SALARIAT
La « grande transformation »
Du sweating system (« système de la sueur »), comme l'appela Marx, on a retenu l'exploitation dont il était porteur. Et il est vrai qu'elle était considérable : la relation était trop inégale, entre la survie des uns et les surprofits de l'autre. Cependant, cette intrusion des premières formes d'industrialisation s'est accomplie sans bouleverser la société familiale traditionnelle : elle l'a consolidée plus qu'elle ne l'a désagrégée. Tous ces salariés à domicile – les uns travaillant chez eux, les autres logeant chez leur employeur – « n'avaient pas, comme la classe ouvrière dans le monde industriel contemporain, un horizon de travail en commun », écrit Peter Laslett. Mais le ver était dans le fruit : pour contrôler cette main-d'œuvre dispersée, comme le soutient Stephen Marglin, pour réduire les « coûts de transaction », comme l'estime Oliver Williamson, ou pour bénéficier des avantages techniques de la division et de l'organisation du travail, comme l'analyse Adam Smith avec l'exemple célèbre de la manufacture d'épingles, la main-d'œuvre ouvrière allait désormais être rassemblée dans un même lieu, l'usine. Au salariat traditionnel, encastré dans des réseaux familiaux, avec un mode et un niveau de rémunération fixés par la coutume – voire par le juge de paix, comme c'était le cas en Angleterre – succédait le salariat moderne : un lieu de travail distinct de celui de la famille, des relations dictées par l'« eau glaciale du calcul égoïste », selon l'expression de Marx dans Le Manifeste du Parti communiste, la transformation du travail en une marchandise et du salaire en un prix. Ne pleurons pas trop ce « monde que nous avons perdu », dur pour les pauvres et les sans-grade, condamnés à un labeur incessant pour une vie précaire. Mais il nous faut prendre conscience que, sous l'apparence d'une continuité de statut ou de relation juridique, la révolution industrielle marque une coupure, un changement de nature : dans la société rurale, le salariat était immergé dans un monde de relations personnelles, voire familiales, qui lui donnaient sens ; dans la société industrielle, les liens personnels ne comptent plus, seul subsiste un échange matériel – travail contre argent. La relation salariale devient le mode dominant de mobilisation et de rémunération de la force de travail.

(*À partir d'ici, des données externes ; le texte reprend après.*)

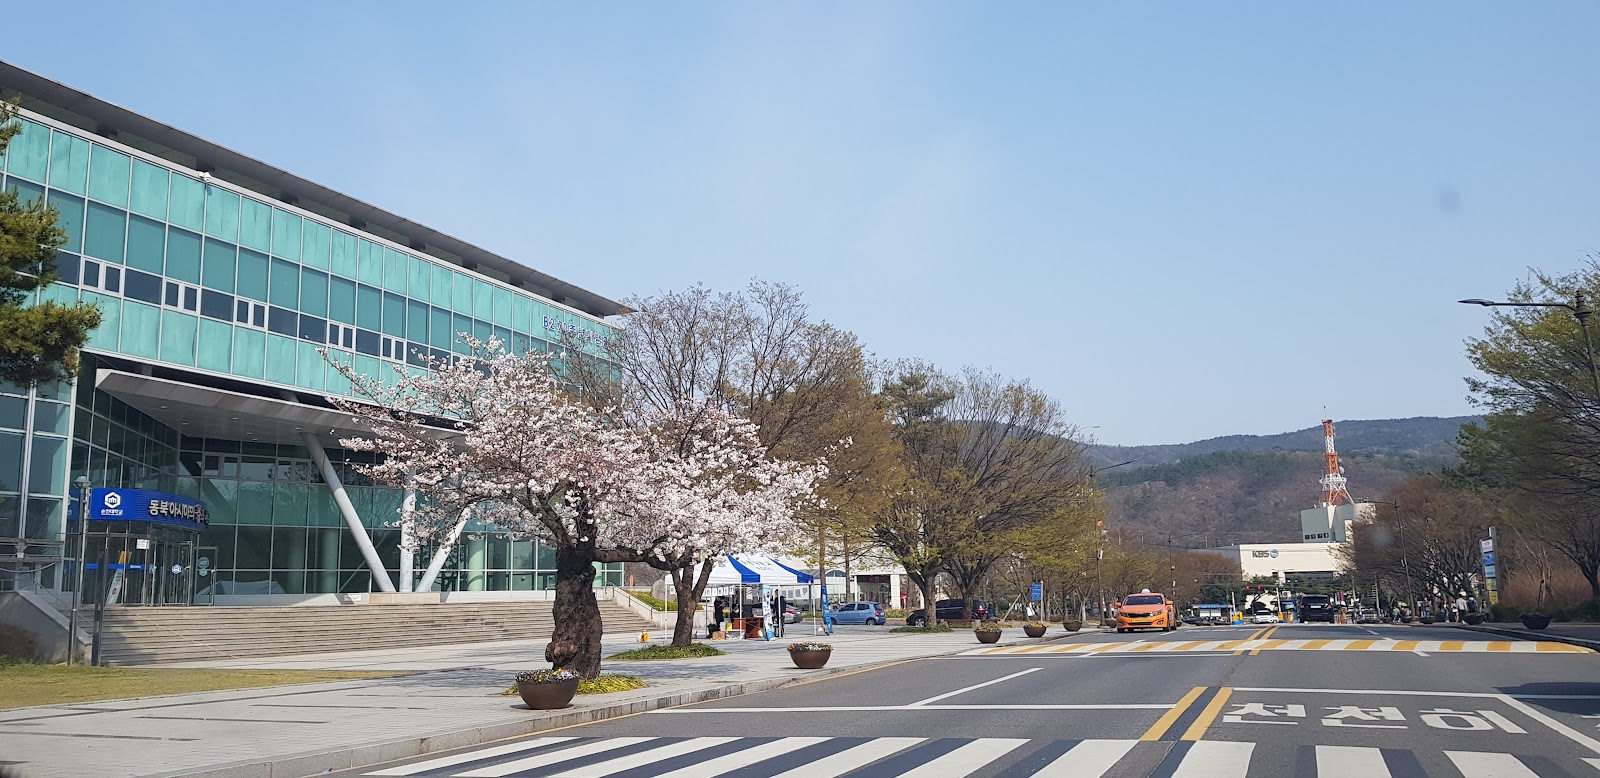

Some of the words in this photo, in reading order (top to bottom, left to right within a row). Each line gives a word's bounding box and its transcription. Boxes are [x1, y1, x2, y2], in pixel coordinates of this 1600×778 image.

[543, 315, 556, 331] B2
[149, 500, 195, 520] 동북아시아의
[1252, 550, 1270, 558] KBS
[1222, 702, 1528, 734] 천천히
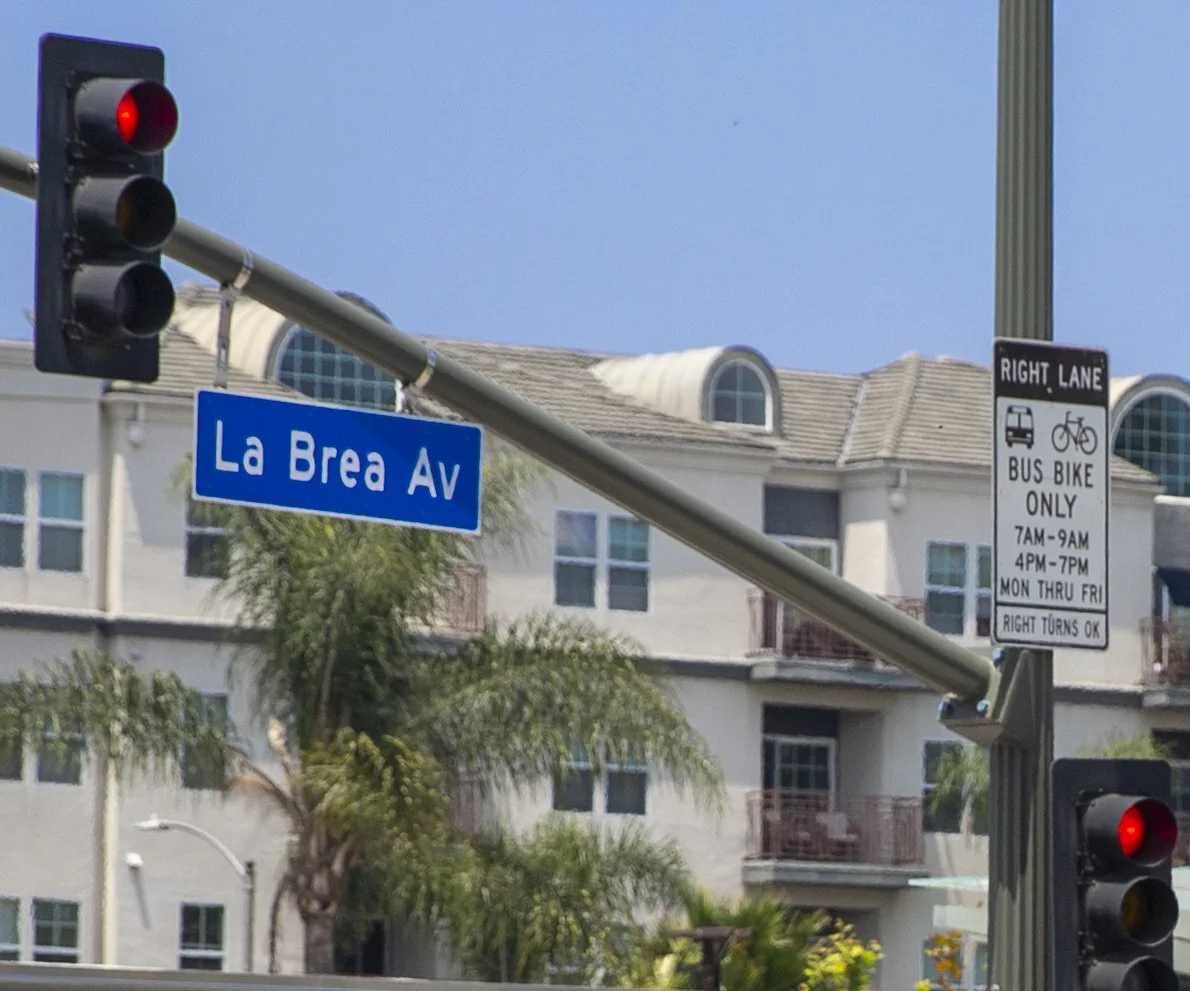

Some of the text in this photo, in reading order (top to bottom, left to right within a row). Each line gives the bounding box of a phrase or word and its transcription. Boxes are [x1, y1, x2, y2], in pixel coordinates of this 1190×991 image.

[1001, 358, 1103, 391] RIGHT LANE
[215, 419, 460, 501] La Brea Av
[1008, 456, 1094, 488] BUS BIKE
[1026, 490, 1077, 518] ONLY
[1000, 577, 1102, 604] MON THRU FRI
[1003, 614, 1100, 639] RIGHT TURNS OK
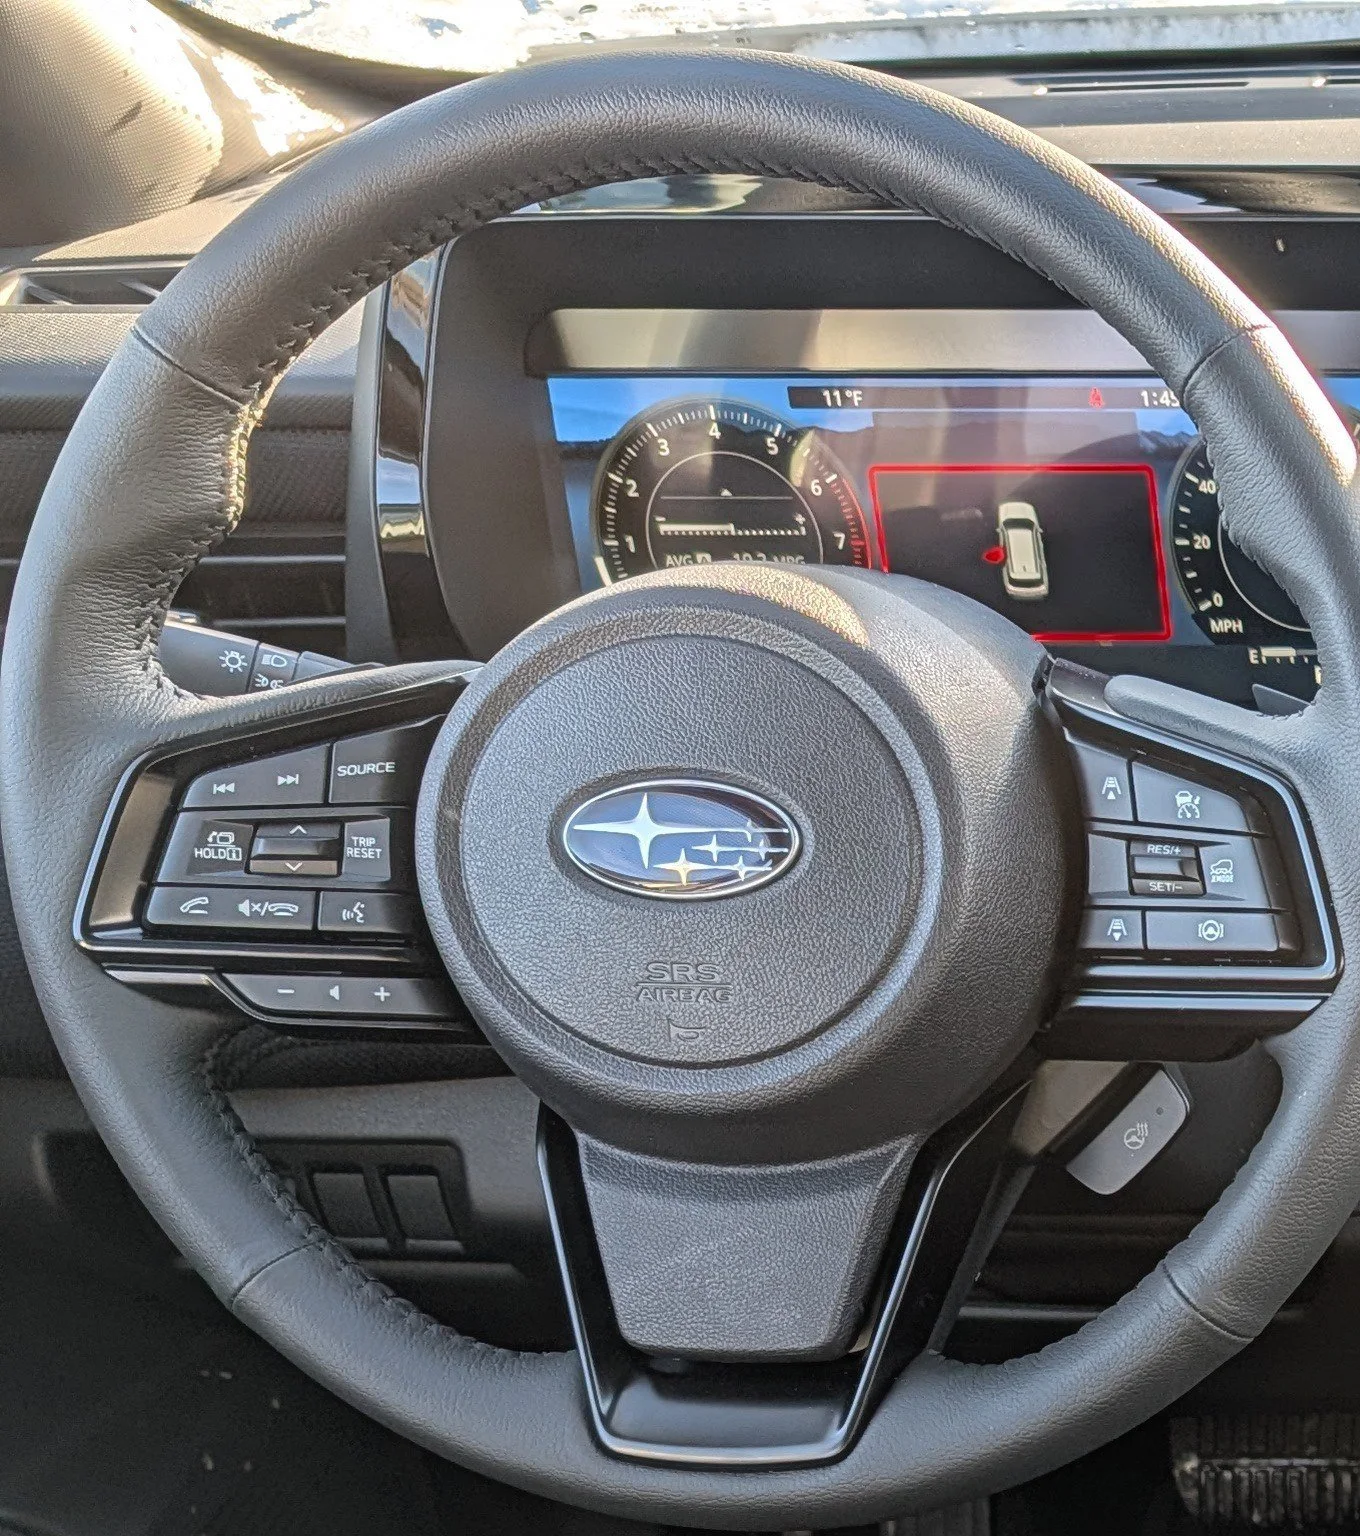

Cet appauvrissement de la relation salariale – certains diront peut-être apurement, ou même simplification – n'a pas été sans poser de problèmes. Coupés de leurs racines rurales, donc privés de ces liens relationnels qui servaient aussi d'amortisseurs sociaux, les prolétaires plongent massivement dans une misère sans précédent. Dans son Tableau de l'état physique et moral des ouvriers, présenté à l'Académie des sciences morales et politiques en 1839, le docteur Villermé écrit : « Tandis que la moitié des enfans nés dans la classe des fabricans, négocians et directeurs d'usines, atteindrait sa vingt neuvième année, la moitié des enfans de tisserands et de simples travailleurs des filatures aurait cessé d'exister, on ose à peine le croire, avant l'âge de deux ans accomplis. Il faut attribuer une aussi épouvantable destruction à la misère des parens, surtout des mères qui ne peuvent donner chaque jour le sein à leurs nourrissons que pendant le trop petit nombre d'heures qu'elles passent chez elles. » Plus que le salaire, Villermé met en cause la longueur de la journée de travail (quinze heures et demie dans certaines manufactures, alors que les journées des forçats, nous dit-il, ne sont que de dix heures) et, surtout, celle des enfants : « douze à quatorze heures par jour dans les ateliers, sans comprendre une heure et demie ou deux heures pour les repas », dès l'âge de huit ans. Le[...]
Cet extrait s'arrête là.